[Collected data]
"""
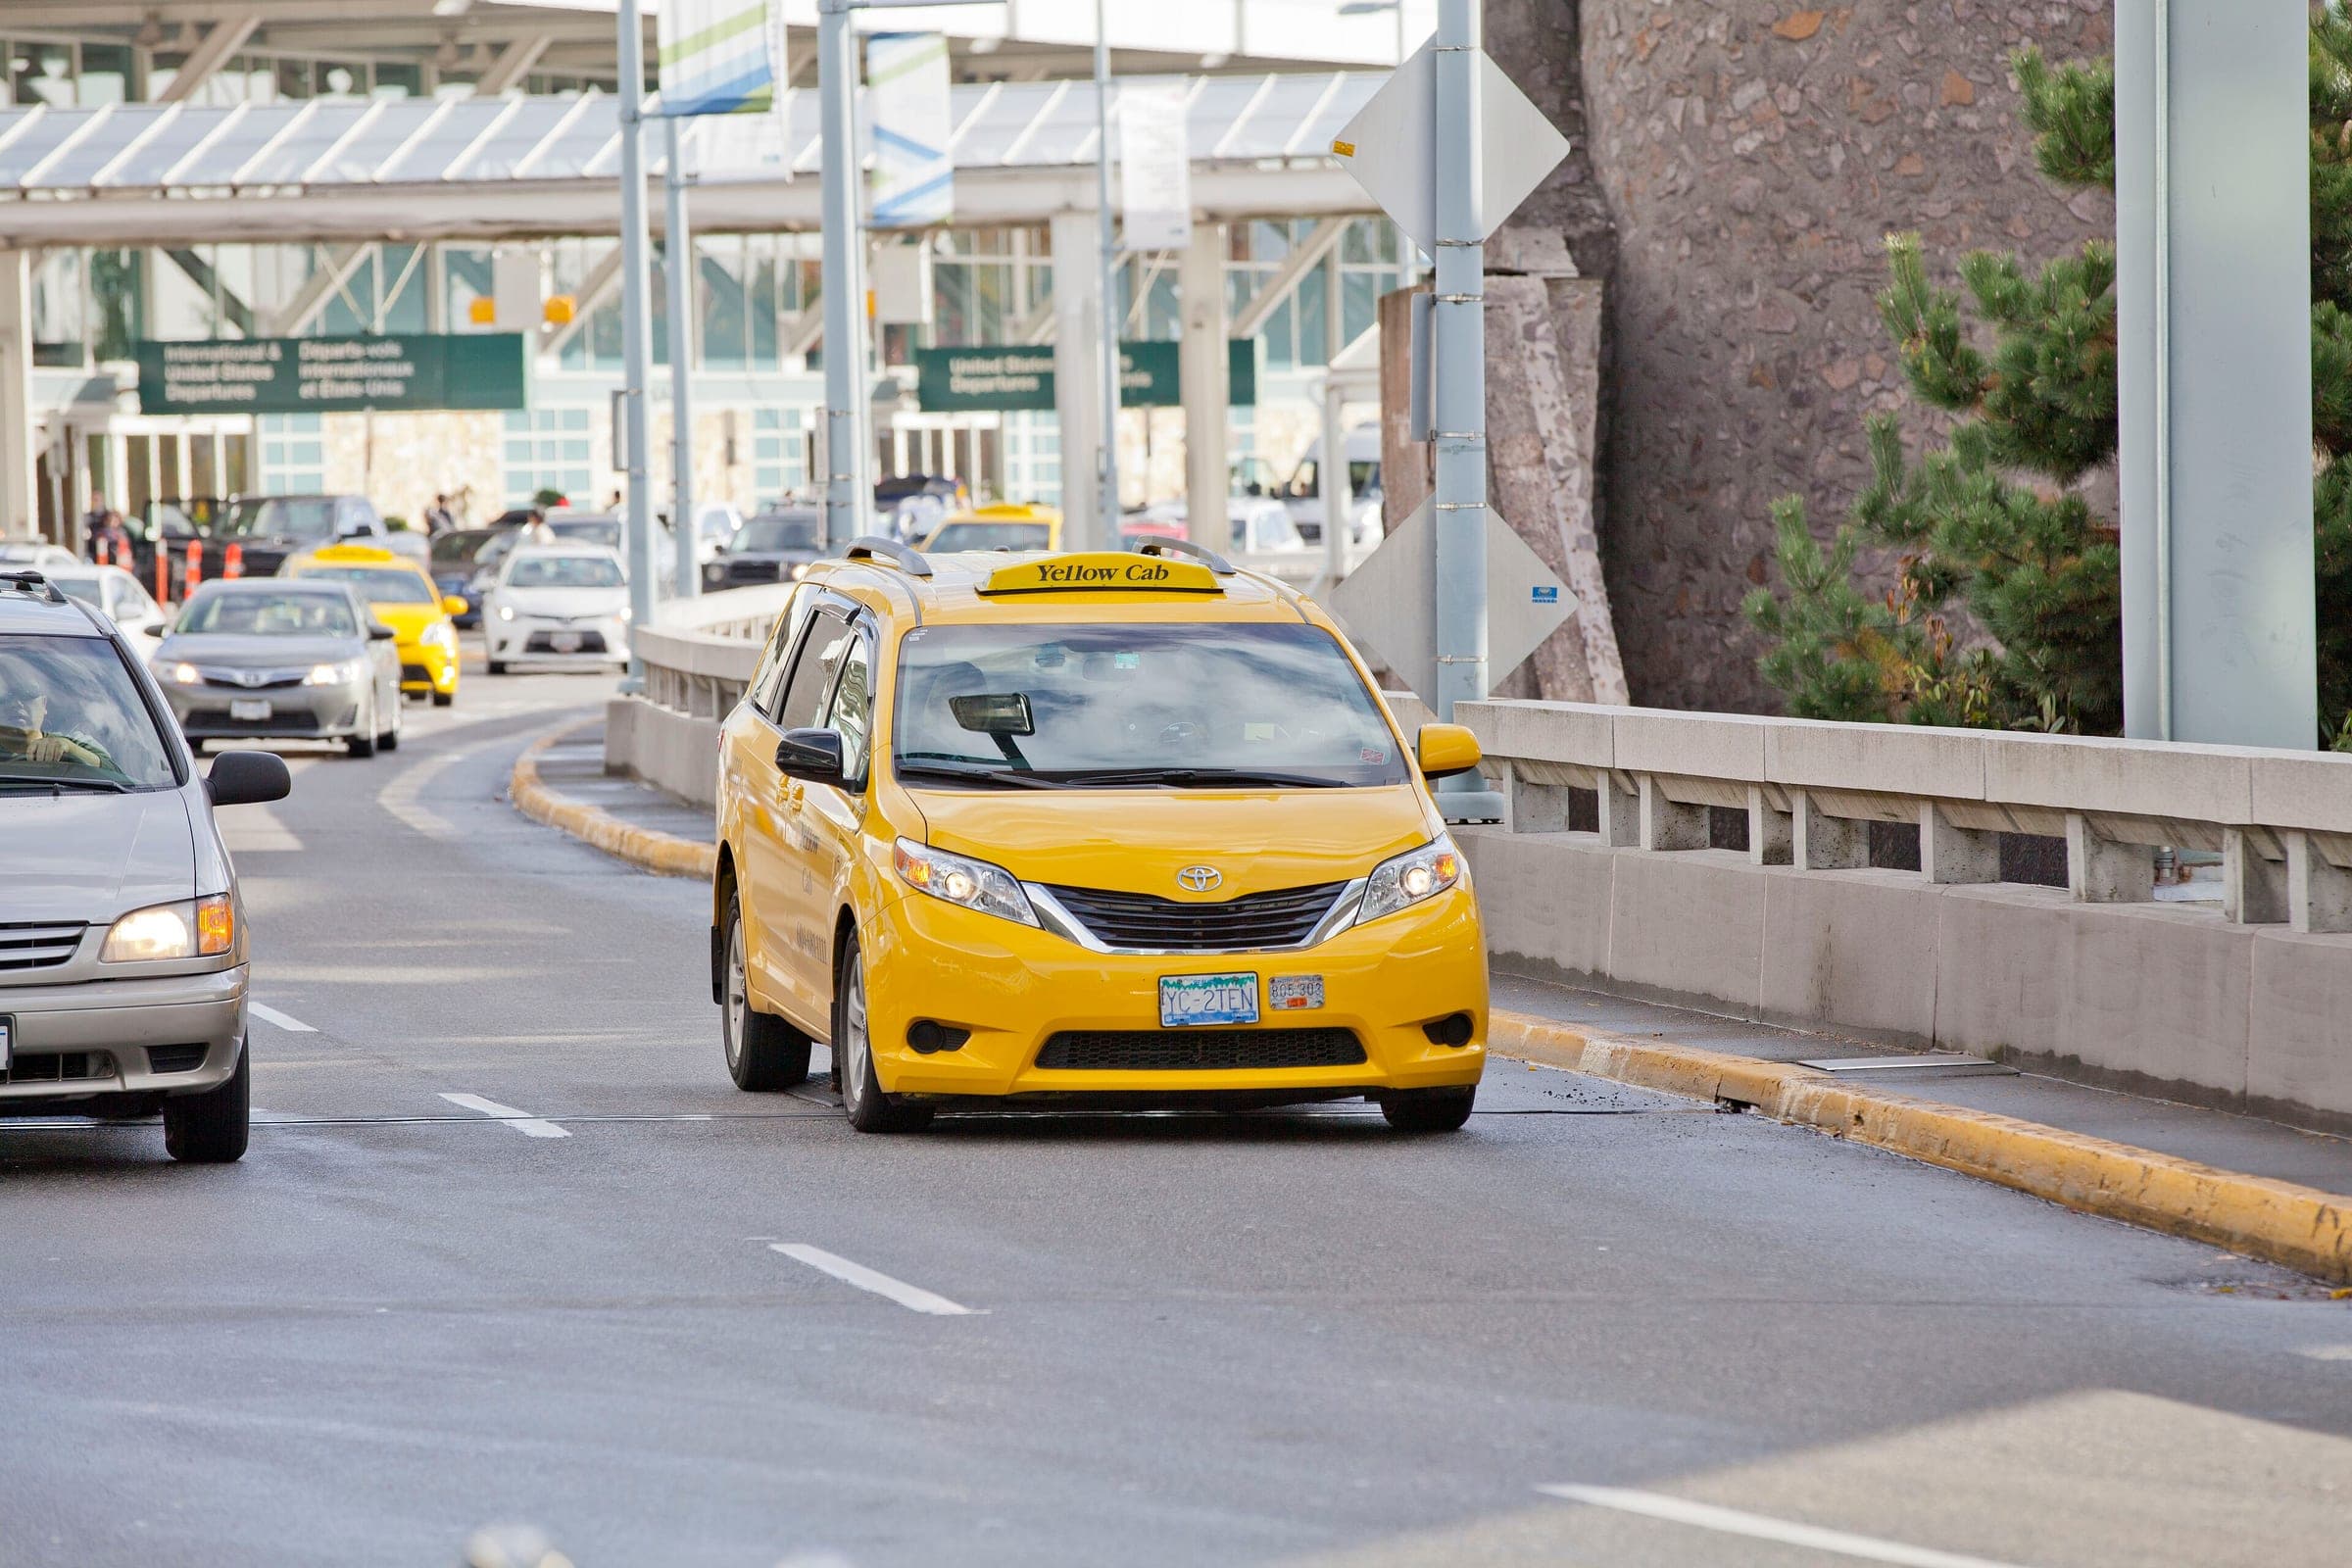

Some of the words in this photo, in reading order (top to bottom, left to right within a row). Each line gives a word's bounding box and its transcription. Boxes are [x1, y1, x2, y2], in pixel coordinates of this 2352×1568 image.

[165, 344, 266, 363] International
[165, 364, 218, 382] United
[220, 362, 274, 381] States
[950, 357, 1001, 374] United
[165, 382, 256, 404] Departures
[950, 375, 1040, 395] Departures
[1037, 564, 1119, 581] Yellow
[1126, 564, 1169, 581] Cab
[802, 867, 813, 896] Cab
[1166, 988, 1253, 1012] YC-2TEN
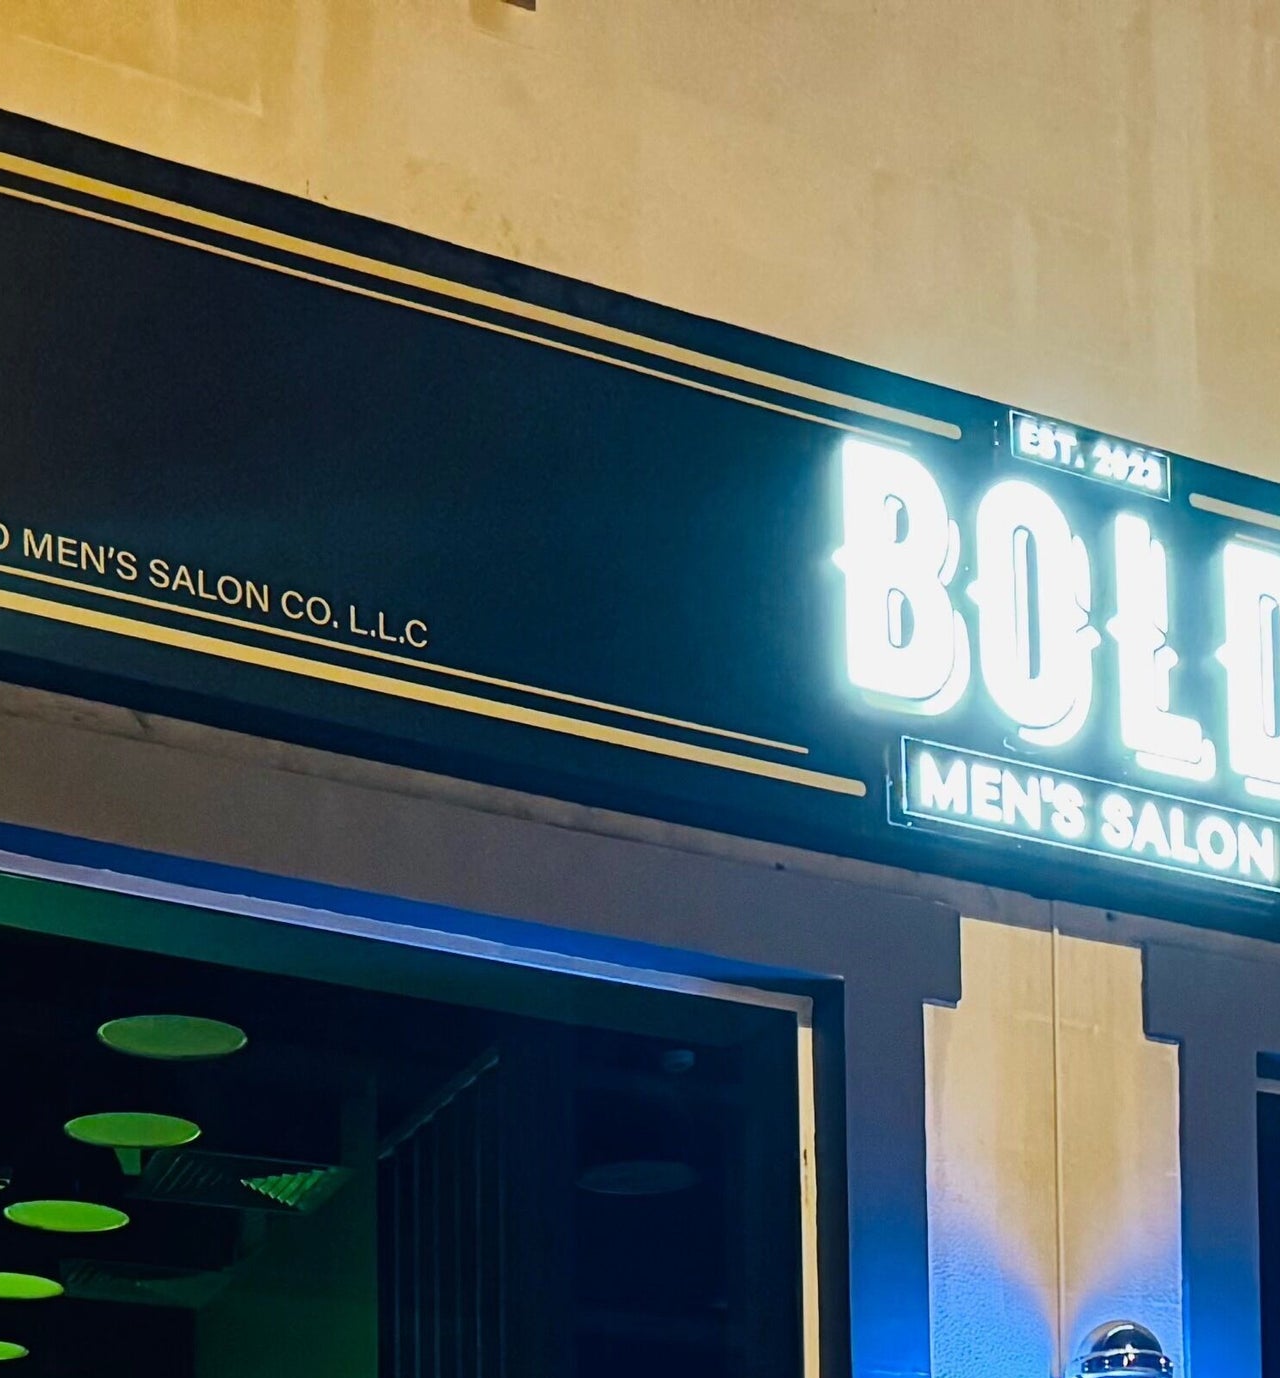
"""
Problem description:
Reproduce each entry exactly, without the pictures.

Worked solution:
Some of the words in this photo, in reading order (top to bottom, left to right within a row). Each line gives a word's bounding box and its transcription. Boxes are [x1, y1, x2, y2], in pixel coordinates of this 2352×1568 image.

[165, 344, 266, 363] International
[165, 364, 218, 382] United
[220, 362, 274, 381] States
[950, 357, 1001, 374] United
[165, 382, 256, 404] Departures
[950, 375, 1040, 395] Departures
[1037, 564, 1119, 581] Yellow
[1126, 564, 1169, 581] Cab
[802, 867, 813, 896] Cab
[1166, 988, 1253, 1012] YC-2TEN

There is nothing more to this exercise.